Holding any cryptocurrency has its own intrinsic benefits. If you have already invested in Bitcoin, Ethereum, Cardano, Litecoin or Monero, now is the best time to put your crypto reserves to good use. Crypto holdings can be used as collateral for a loan, even if you have a small crypto portfolio. Which is why, there is plethora of crypto lending platforms that have emerged in the last few years with the recent Bitcoin and crypto boom.
In traditional financial markets and banking systems, this practice is called securities-based lending. However, it is usually reserved for large financial institutions and high-net worth clients of banks. Not ordinary individuals like us. With the advent of crypto lending platforms, any individual, irrespective of their net worth can both offer and apply for loans which are much more accessible. Hodl investors of any nationality can achieve liquidity and maximise their profits from their crypto investment without selling them.
However, choosing the best crypto lending platforms is crucial in this regard. You may also want to check out this in-depth guide on Crypto Lending. Down below, we have done a rundown of 8 of the best crypto lending platforms, their advantages, risks, and the impact of bitcoin and crypto loans on taxation. Crypto loans are a means for traders to liquidate their crypto holdings without selling their cryptocurrency.
These loans are issued on crypto lending platforms. They could also take out a crypto loan if they want to hold the asset for a long duration to avoid short-term capital gains tax. All loans pertaining to Centralized finance or CEFi are custodial in nature. That is, a central entity or platform is the sole incharge of the collateral until the loan is paid out.
It is estimated that around 80 percent of crypto loans issued today are custodial. Although CeFi crypto loans are far more affordable and accessible than traditional loans, they still depend on a centralized platform to enforce their terms and conditions. All loans pertaining to Decentralized finance or DeFi are non-custodial.
Such loans depend upon smart contracts instead of a central organization that enforces the terms of the loan. DeFi loans have a higher interest rate than custodial loans. Generally, DeFi lending platforms cannot directly lend fiat currency hence traders receive stablecoins that can be exchanged for cash. Applying for a crypto loan is very easy in a stark contrast to applying for a traditional loan.

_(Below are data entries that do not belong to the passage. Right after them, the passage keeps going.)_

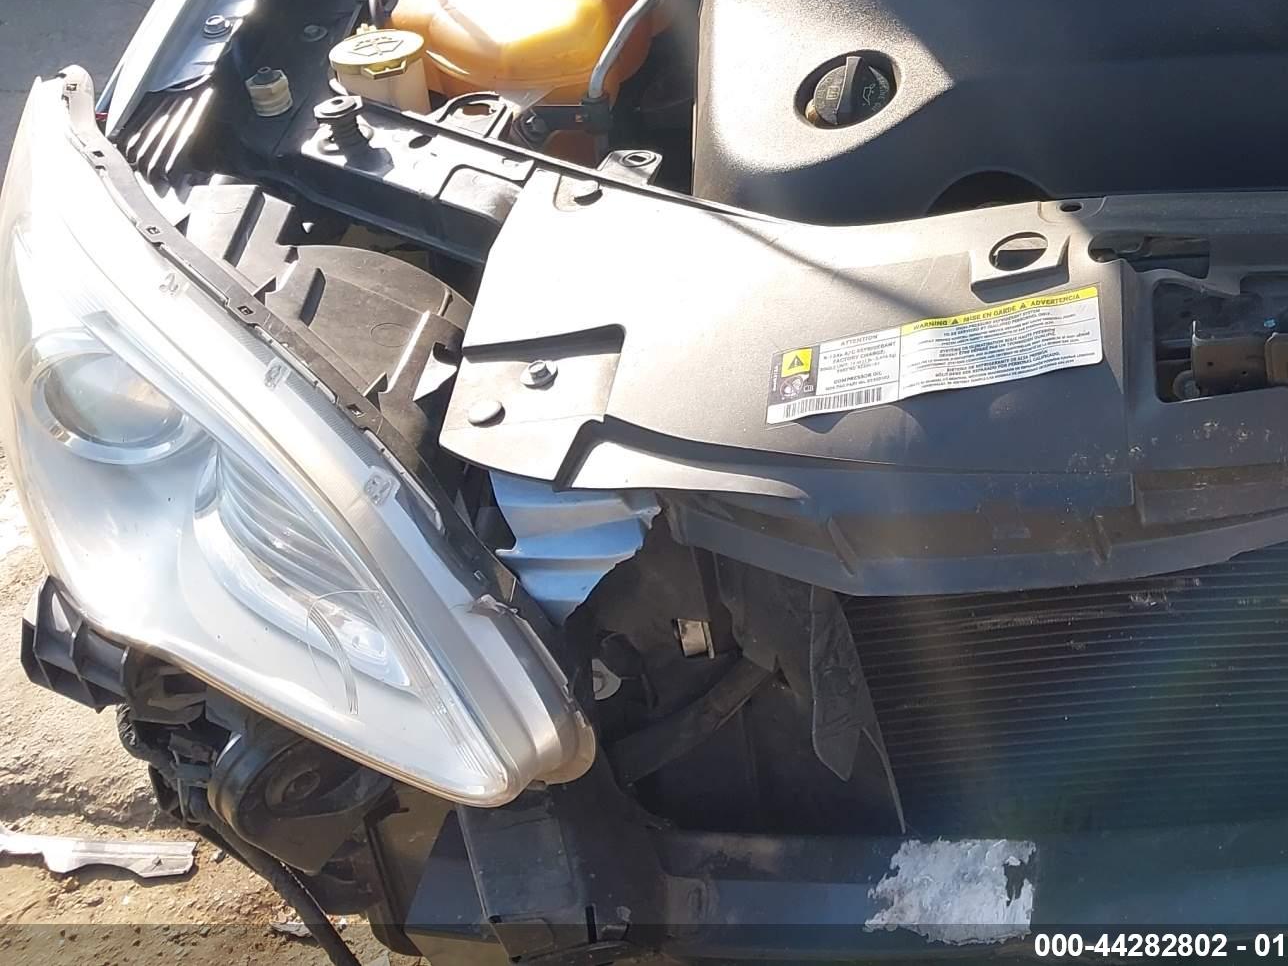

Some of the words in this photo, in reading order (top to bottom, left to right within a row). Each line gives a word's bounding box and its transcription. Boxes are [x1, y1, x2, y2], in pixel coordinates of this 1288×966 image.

[912, 320, 948, 331] WARNING
[962, 314, 981, 323] MISE
[982, 311, 993, 319] EN
[1030, 293, 1081, 306] ADVERTENCIA
[840, 335, 878, 346] ATTENTION
[832, 354, 859, 364] FACTORY
[833, 372, 872, 385] COMPRESSOR

Credit checks are not required. However, the amount of the loan that you seek depends upon the amount of collateral you are able to offer. Crypto loans depend upon the loan-to-value LTV ratio. LTV is the ratio between the total amount of the loan issued and the value of the collateral that you offer.
It lets users put up an asset as collateral that can be offset by either minting a certain amount of DAI or paying back the loan in full before unlocking their crypto assets. Compound is one of the best DeFi crypto lending platforms where users directly supply cryptocurrency to the protocol and reap interests on their deposit. However, this cToken supply balance can also be used as collateral for a loan. Aave is an innovative protocol with a wider range of loan options than other large protocols.

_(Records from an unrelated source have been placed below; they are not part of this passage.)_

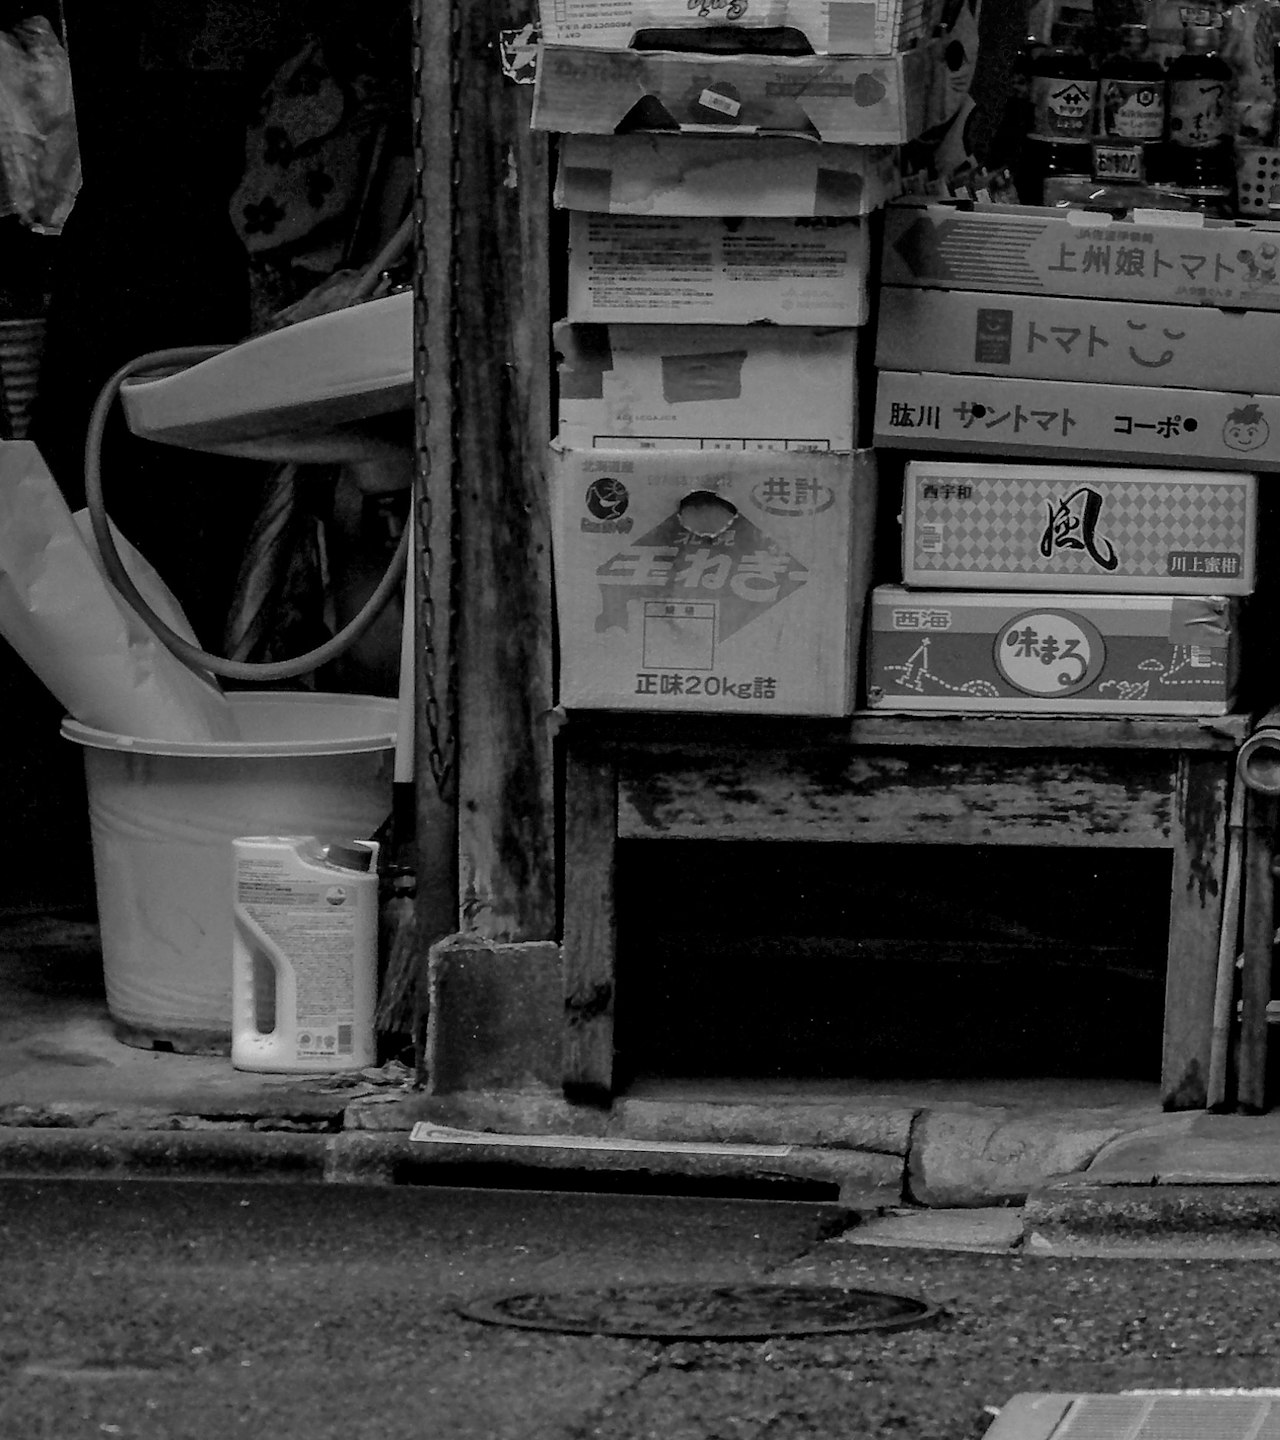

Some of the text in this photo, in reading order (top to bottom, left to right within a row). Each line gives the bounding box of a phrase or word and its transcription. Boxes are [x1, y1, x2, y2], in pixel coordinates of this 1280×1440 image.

[1048, 242, 1235, 282] 上州娘トマト
[1028, 320, 1109, 358] トマト
[889, 402, 941, 429] 肱川
[762, 476, 823, 505] 共計
[1170, 555, 1237, 574] 川上蜜柑
[892, 609, 951, 630] 西海
[1007, 626, 1088, 686] 味まろ
[634, 673, 777, 700] 正味20kg詰

Like Compound, borrowers put up collateral that is used to support the protocol; their contribution is represented in aTokens. It boasts a higher LTV rate than other large competitors and very low borrowing rates. Aave is the highest valued DeFi lending project because of its perceived dynamism and innovation.
The smart contract then transfers the deposited assets into a Yearn vault that mints DAI. Alchemix users can mint an alUSD coin worth up to half of the asset they deposit. Although it currently only accepts DAI deposits, it expects to accept more stablecoins soon. Nexo typically has slightly higher LTV rates and slightly lower borrowing rates. It supports 18 currencies. Among CeFi lenders, Unchained Capita l stands out because of its multisig collaborative custody model, which gives borrowers more transparency into their assets and increases security.
In this system, accessing collateralized assets requires three private keys. One is controlled by the borrower, one by Unchained Capital, and one by a third-party key agent. Unchained Capital only offers bitcoin loans and only lends in the United States.